I think its true that Aschenbrenner gives (marginally) more consideration than I gave him credit for—not actually sure how I missed that paragraph to be honest! Even then, whilst there is some merit to that argument, I think he needs to much better justify his dismissal of an international treaty (along similar lines to your shortform piece). As I argue in the essay, I think that such lack of stability requires a particular reading of how states acts—for example, I argue if we buy a form of defensive realism, states may in fact be more inclined to reach a stable equilibrium/. Moreover, as I argue, I think Aschenbrenner fails to acknowledge how his ideas on this may well become a self-fulfilling prophecy.
I actually think I just disagree with your characterisation of my second point, although it could well be a flaw in my communication, and if so I apologise.

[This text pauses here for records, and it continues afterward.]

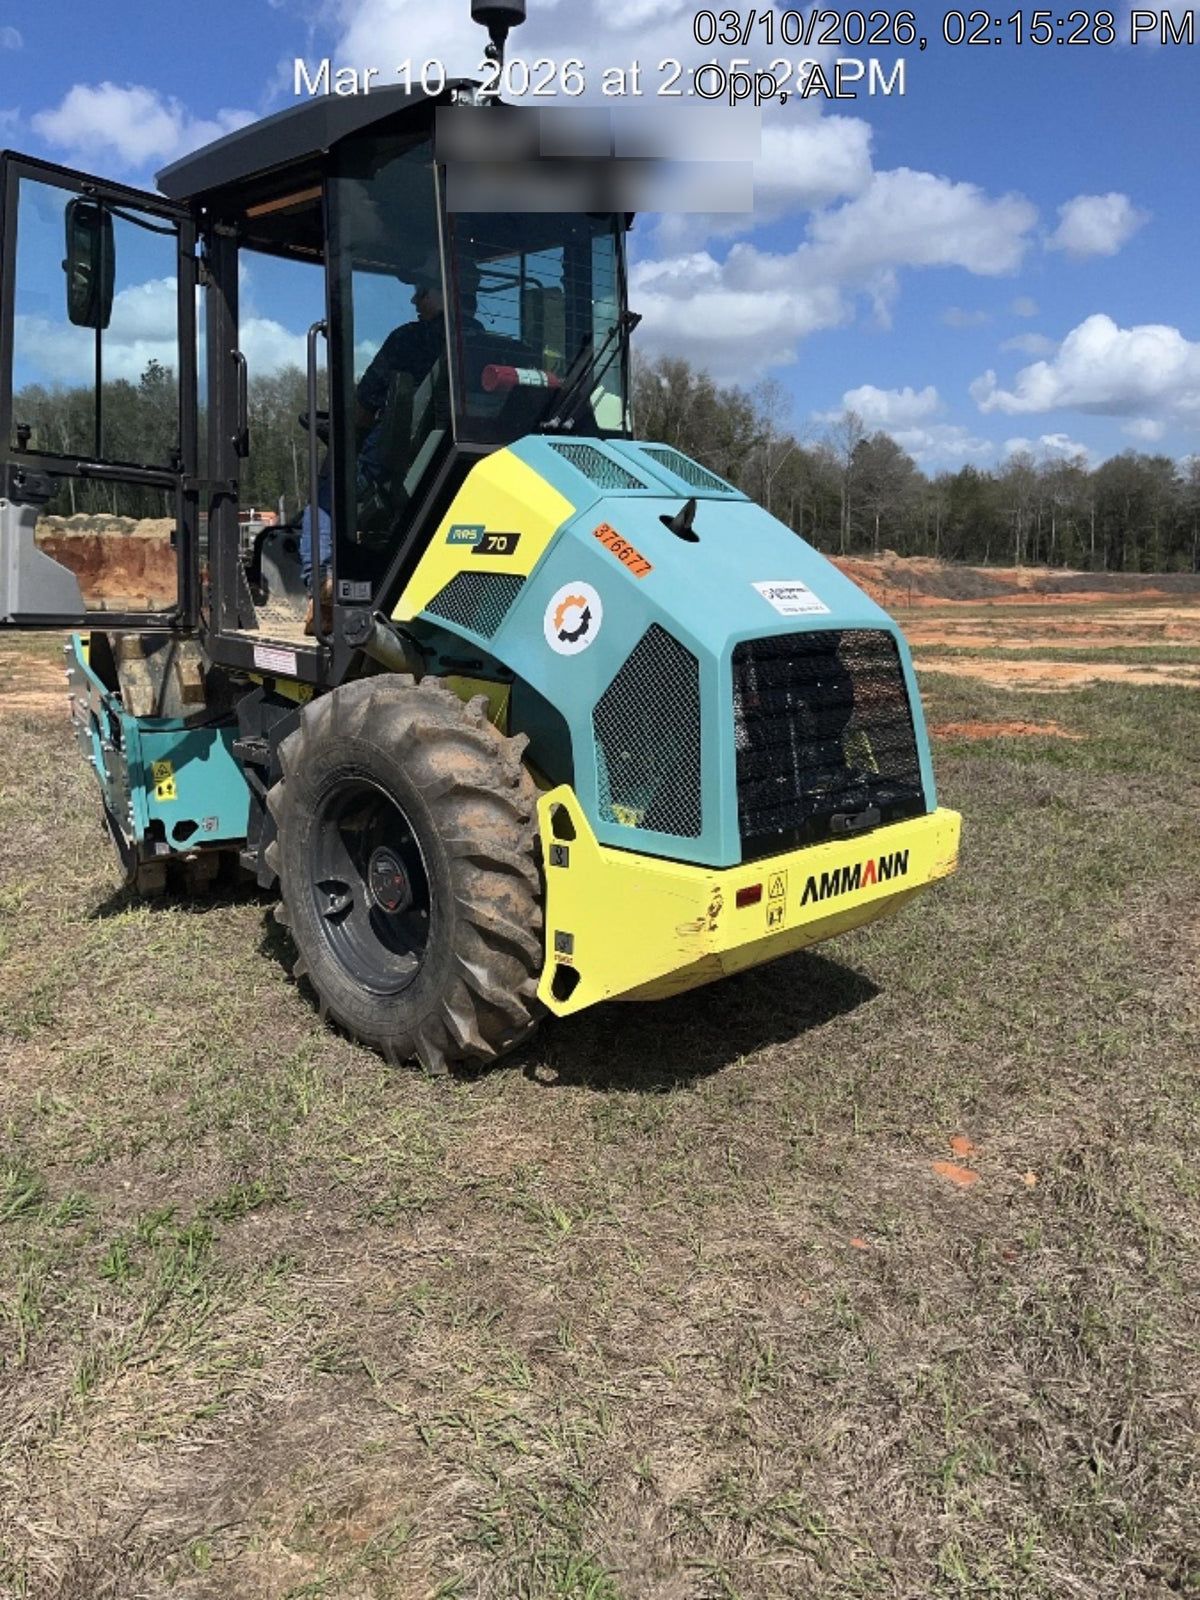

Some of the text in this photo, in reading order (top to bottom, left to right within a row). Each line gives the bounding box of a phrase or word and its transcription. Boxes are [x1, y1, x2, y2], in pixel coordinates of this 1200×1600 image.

[487, 536, 508, 551] 70
[592, 522, 652, 573] 376677
[800, 849, 909, 907] AMMANN
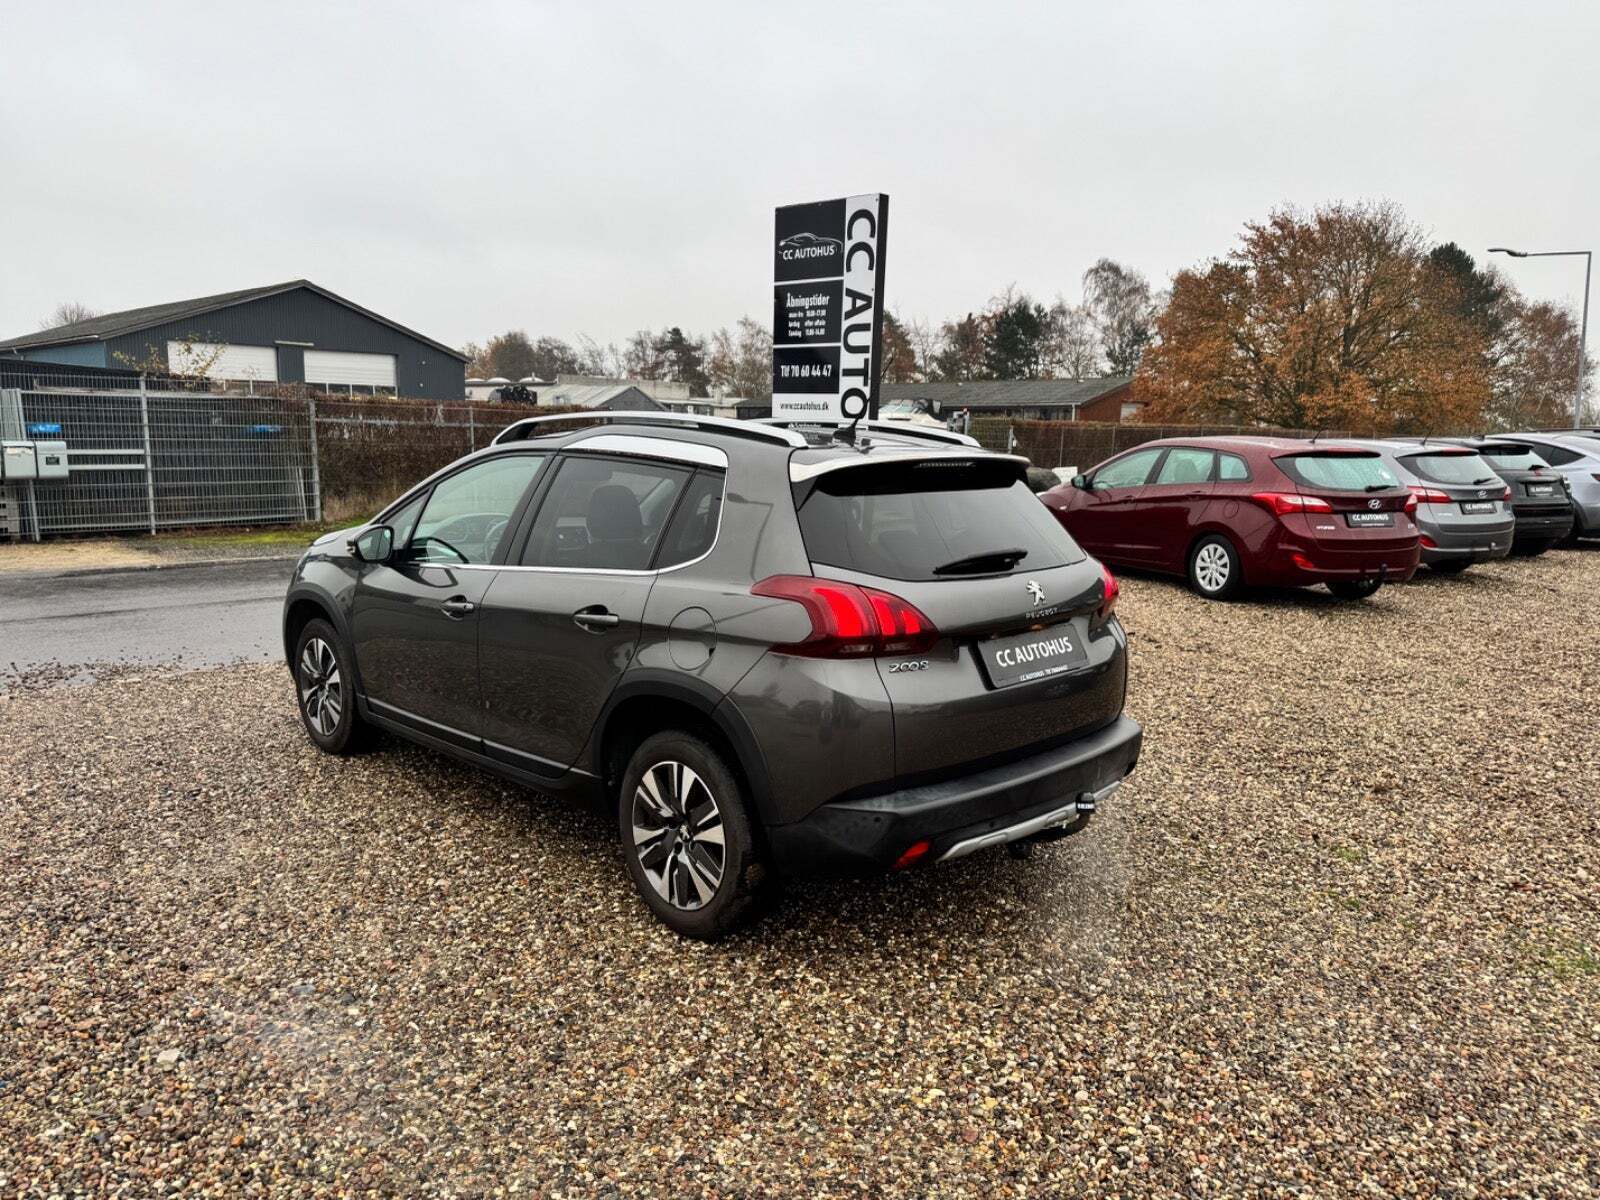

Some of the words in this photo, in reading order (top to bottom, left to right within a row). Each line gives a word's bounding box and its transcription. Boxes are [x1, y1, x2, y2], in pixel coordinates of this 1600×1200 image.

[846, 208, 877, 273] CC
[782, 249, 793, 260] CC
[794, 244, 836, 259] AUTOHUS
[786, 292, 830, 309] Åbningstider
[791, 364, 800, 378] 70
[800, 364, 810, 377] 60
[821, 364, 832, 377] 47
[995, 649, 1015, 668] CC
[1014, 636, 1073, 664] AUTOHUS
[889, 660, 929, 673] 2008

My argument isn’t even that values of freedom and democracy, or even a narrower form of ‘American values’ wouldn’t be better for the future (see below for more discussion on that), its that national securitisation has a bad track record at promoting collaboration and dealing with extreme risk and we have good reason to think it may be bad in the case of AI. So even if Aschenbrenner doesn’t frame it as national securitisation for the sake of nationalism, but rather national securitisation for the sake of all humanity, the impacts will be the same. The point of that paragraph was simply to preempt a critique that is exactly what you say. I also think its clear that Aschenbrenner in his piece is happy to conflate those values with ‘American nationalism/dominance’ (eg ‘America must win’), so I’m not sure him making this distinction actually matters.

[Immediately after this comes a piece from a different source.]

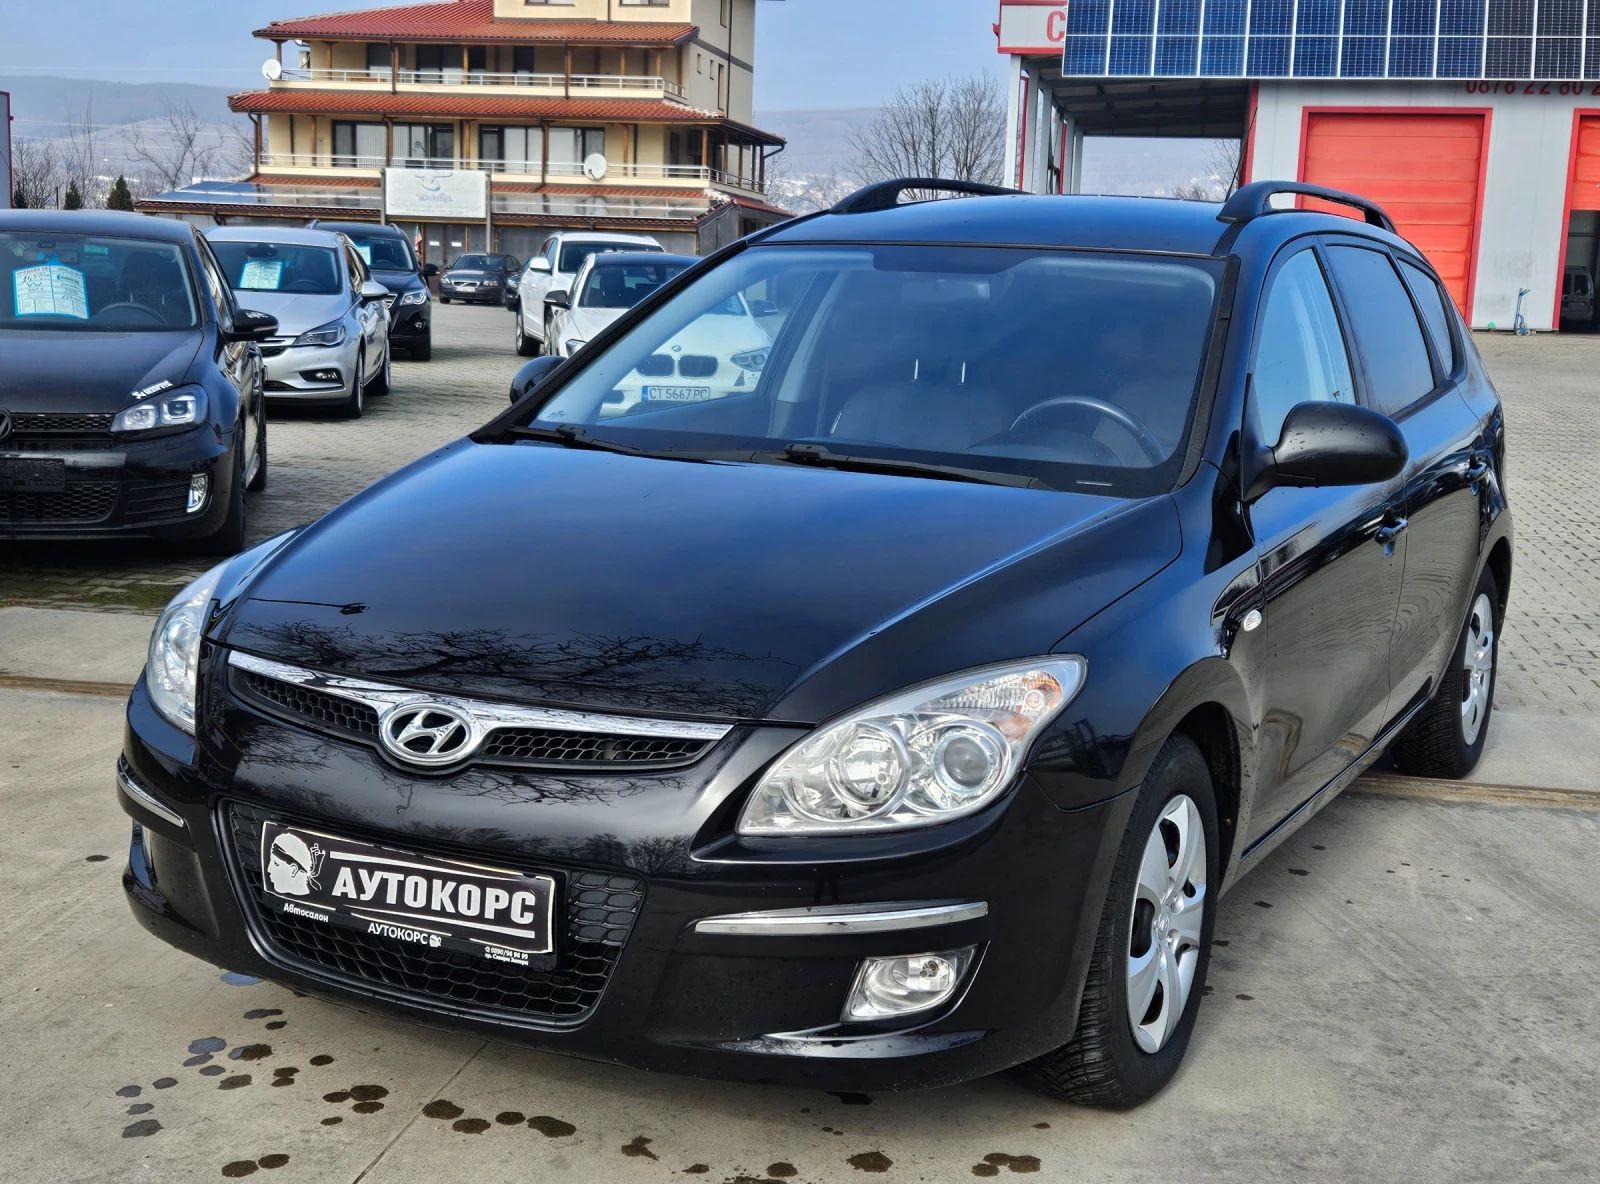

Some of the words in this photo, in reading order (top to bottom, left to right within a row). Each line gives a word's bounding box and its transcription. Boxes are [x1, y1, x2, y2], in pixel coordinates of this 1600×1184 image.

[665, 388, 692, 400] 5667
[331, 866, 536, 925] АУТОКОРС
[283, 902, 329, 923] Автосалон
[367, 922, 428, 945] АУТОКОРС

I also probably am much less bearish on American dominance than Aschenbrenner is. I’m not sure the American national security establishment actually has a good track record of preserving a ‘raucous plurality’, and if (as Aschenbrenner wants) we expect superintelligence to be developed through that institution, I’m not overly confident in how good it will be. Whilst I am no friend of dictatorships, I’m also unconvinced that if one cares about raucous pluralism that US dominance, or certainly to the extent that Aschenbrenner envisions, is necessarily a good thing. Moreover, even in American democracy, the vast majority of moral patients aren’t represented at all. I’m essentially unconvinced that the benefits of America ‘winning’ a nationally securitised AI race anywhere near oughtweigh the geopolitical risk, misalignment risk, and most importantly the risk of not taking our time to construct a mutually beneficial future for all sentient beings. I think I have put this paragraph quite crudely, and would be happy to elaborate further, although it isn’t actually central to my argument.

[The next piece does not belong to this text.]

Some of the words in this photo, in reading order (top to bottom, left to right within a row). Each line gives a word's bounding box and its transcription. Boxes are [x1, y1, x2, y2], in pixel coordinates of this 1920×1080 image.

I think its wrong to say that my argument doesn’t work without significant argument against those two premises. Firstly, my argument was that Aschenbrenner was ‘dangerous’, which required highlighting why the narrative choice was problematic. Secondly, yes, there is more to do on those points, but given Aschenbrenner’s failure to give in depth argumentation on those points, I thought that they would be better to deal with as their own pieces (which I may or may not right). In my view, the most important aspect of the piece was Aschenbrenner’s claim that national securitisation is necessary to secure the safest outcomes, and I do feel the piece was broadly successful at arguing that this is a dangerous narrative to propogate. I do think if you hold Aschenbrenner’s assumptions strongly, namely cooperation is very difficult, alignment is easy-ish and the most important thing is for an American AI lead as this leads to a maximally good future by maximising free expression and political expression, then my argument is not convincing. I do, however, think this model is based on some rather controversial assumptions, and given the dangers involved, woefully insufficiently justified by Aschenbrenner in his essay.
One final point is that it is still entirely non-obvious, as I mention in the essay, that national securitisation is the best frame even if a pause is impossible, or even weaker, if it is an unstable equilibrium.
I think you should delete the post and resend it out another day (maybe on the 3rd?)